- TASK PROMPT -
Without including any pictures, copy every line below exactly.

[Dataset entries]
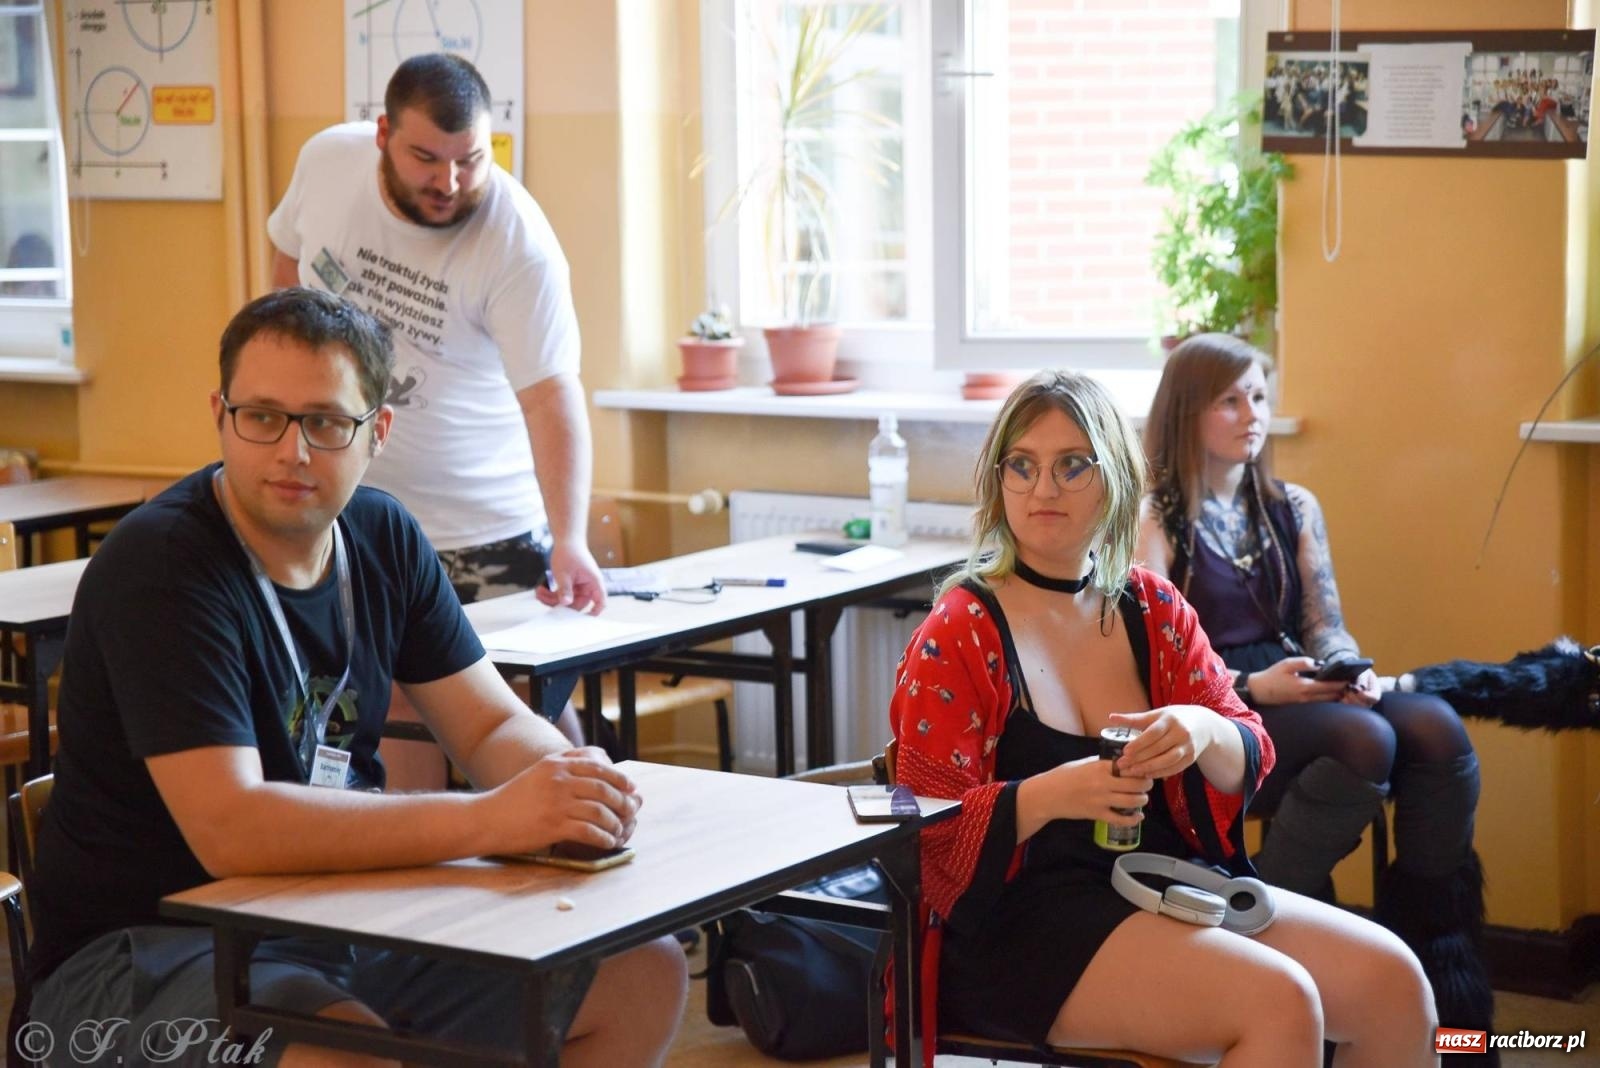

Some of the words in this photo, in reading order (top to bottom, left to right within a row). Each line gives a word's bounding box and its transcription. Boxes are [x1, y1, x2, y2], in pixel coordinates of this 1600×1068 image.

[356, 247, 378, 264] Nie
[379, 255, 420, 284] traktuj
[418, 270, 449, 294] życia
[361, 268, 386, 286] zbyt
[386, 281, 448, 312] poważnie.
[347, 280, 364, 295] ak
[367, 287, 384, 303] nie
[385, 298, 444, 329] wyjdziesz
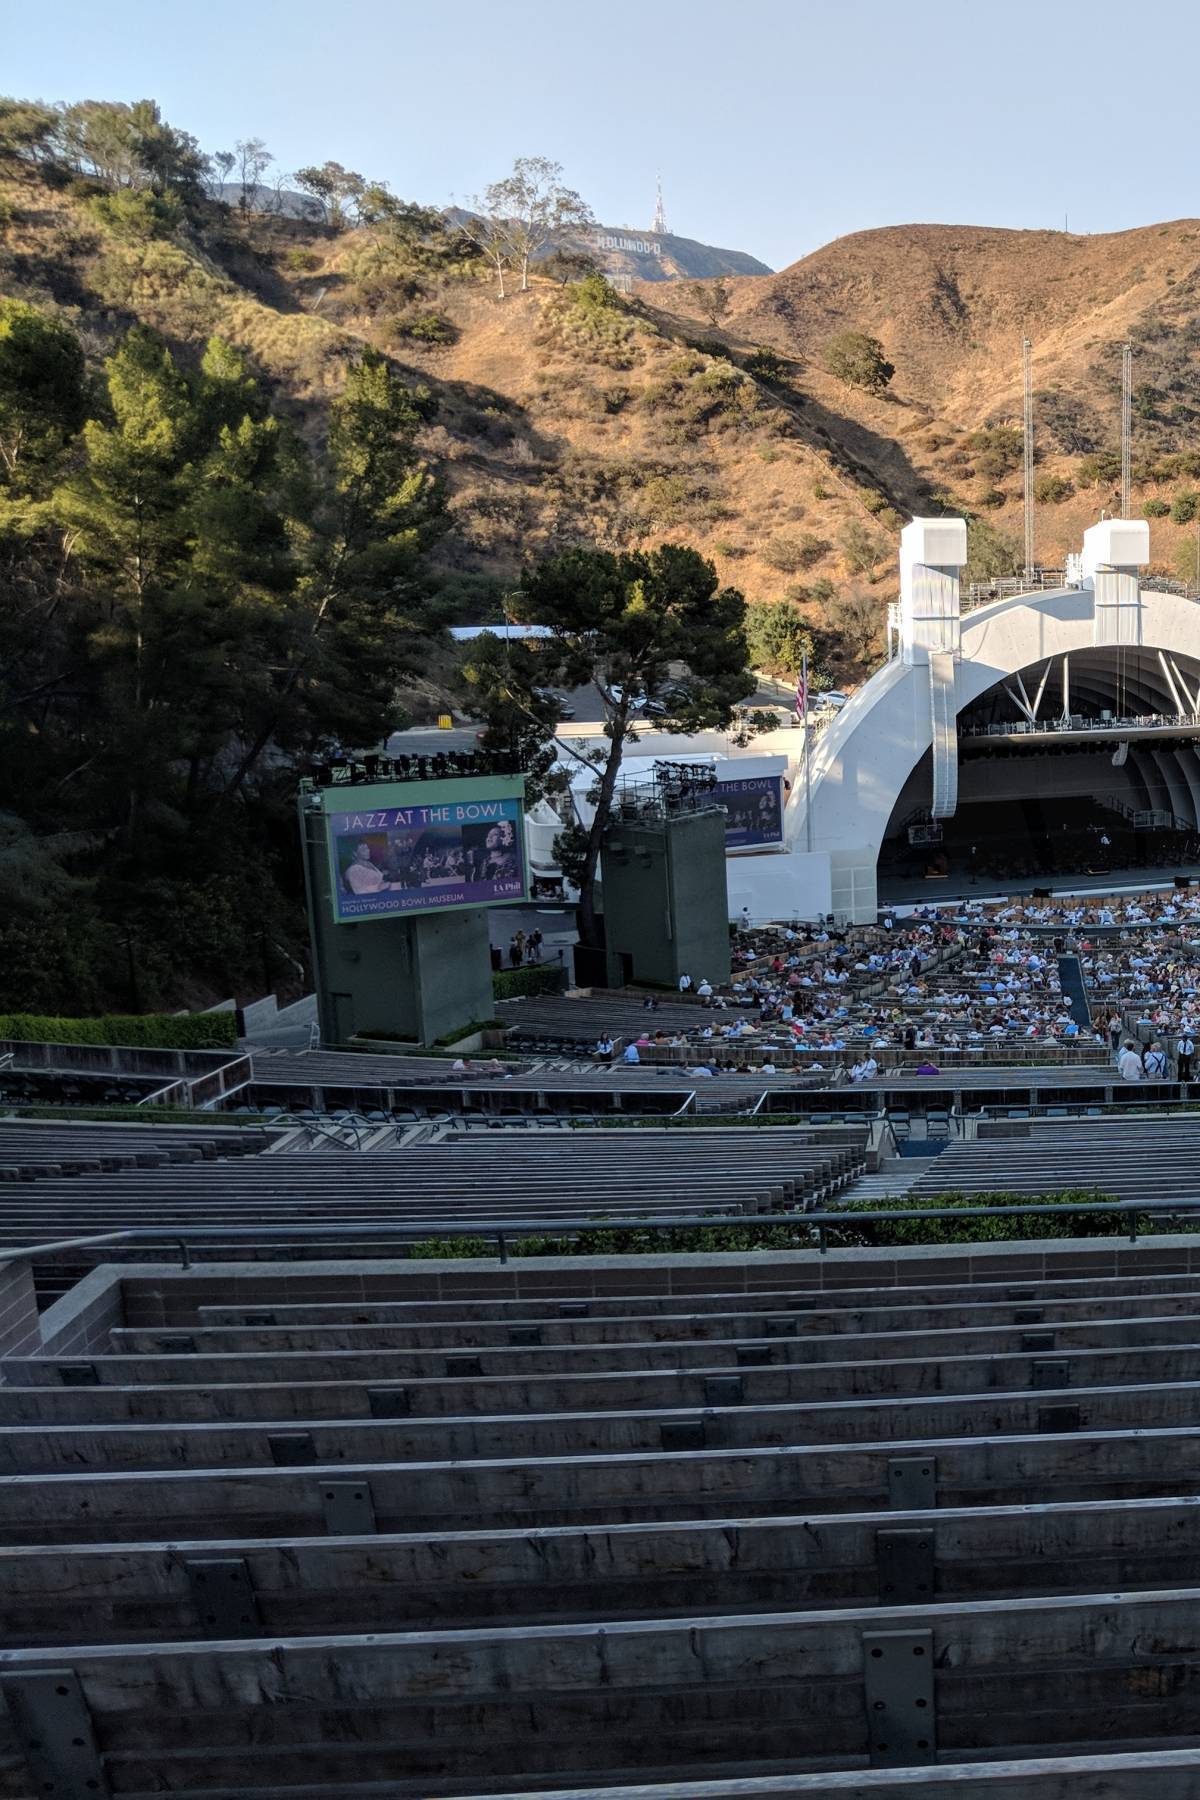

- SOLUTION TO THE EXERCISE -
Some of the words in this photo, in reading order (top to bottom, left to right within a row). Each line gives a word's bounding box and its transcription. Boxes are [x1, y1, x2, y2], in pixel coordinates of this 1600×1068 image.

[356, 247, 378, 264] Nie
[379, 255, 420, 284] traktuj
[418, 270, 449, 294] życia
[361, 268, 386, 286] zbyt
[386, 281, 448, 312] poważnie.
[347, 280, 364, 295] ak
[367, 287, 384, 303] nie
[385, 298, 444, 329] wyjdziesz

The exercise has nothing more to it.